Every picture should be left out, but the lines below must be repeated exactly.

[[ GIVEN DATA open ]]

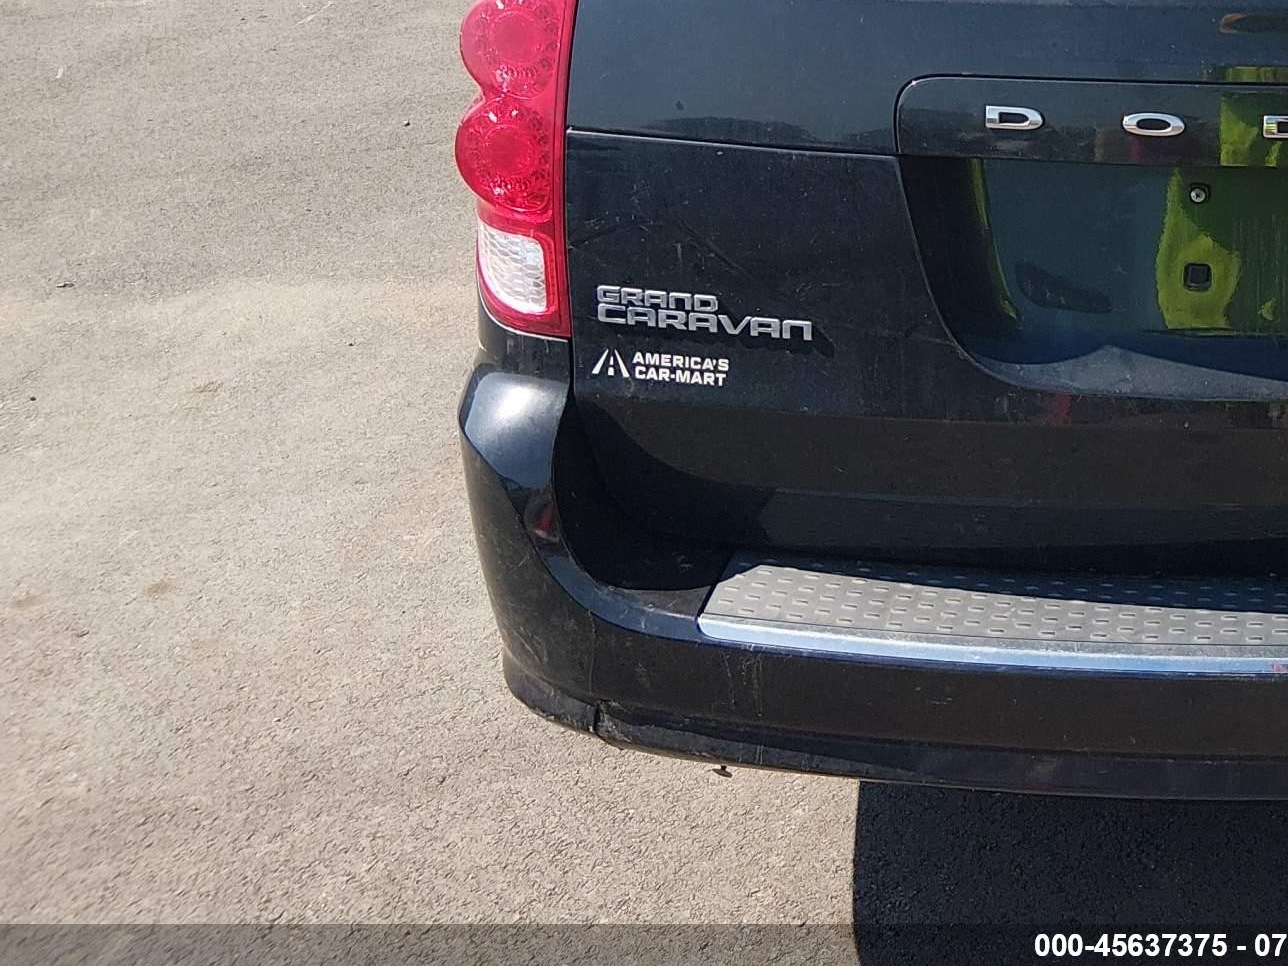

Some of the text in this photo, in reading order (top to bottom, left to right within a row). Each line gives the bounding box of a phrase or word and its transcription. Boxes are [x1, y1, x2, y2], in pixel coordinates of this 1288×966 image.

[597, 285, 718, 312] GRAND
[598, 303, 813, 341] CARAVAN
[632, 351, 730, 372] AMERICA'S
[634, 366, 727, 386] CAR-MART

[[ GIVEN DATA closed ]]

• WRITTEN ANSWER:
Some of the text in this photo, in reading order (top to bottom, left to right within a row). Each line gives the bounding box of a phrase or word and its transcription. Boxes are [x1, y1, x2, y2], in pixel coordinates of this 1288×966 image.

[597, 285, 718, 312] GRAND
[598, 303, 813, 341] CARAVAN
[632, 351, 730, 372] AMERICA'S
[634, 366, 727, 386] CAR-MART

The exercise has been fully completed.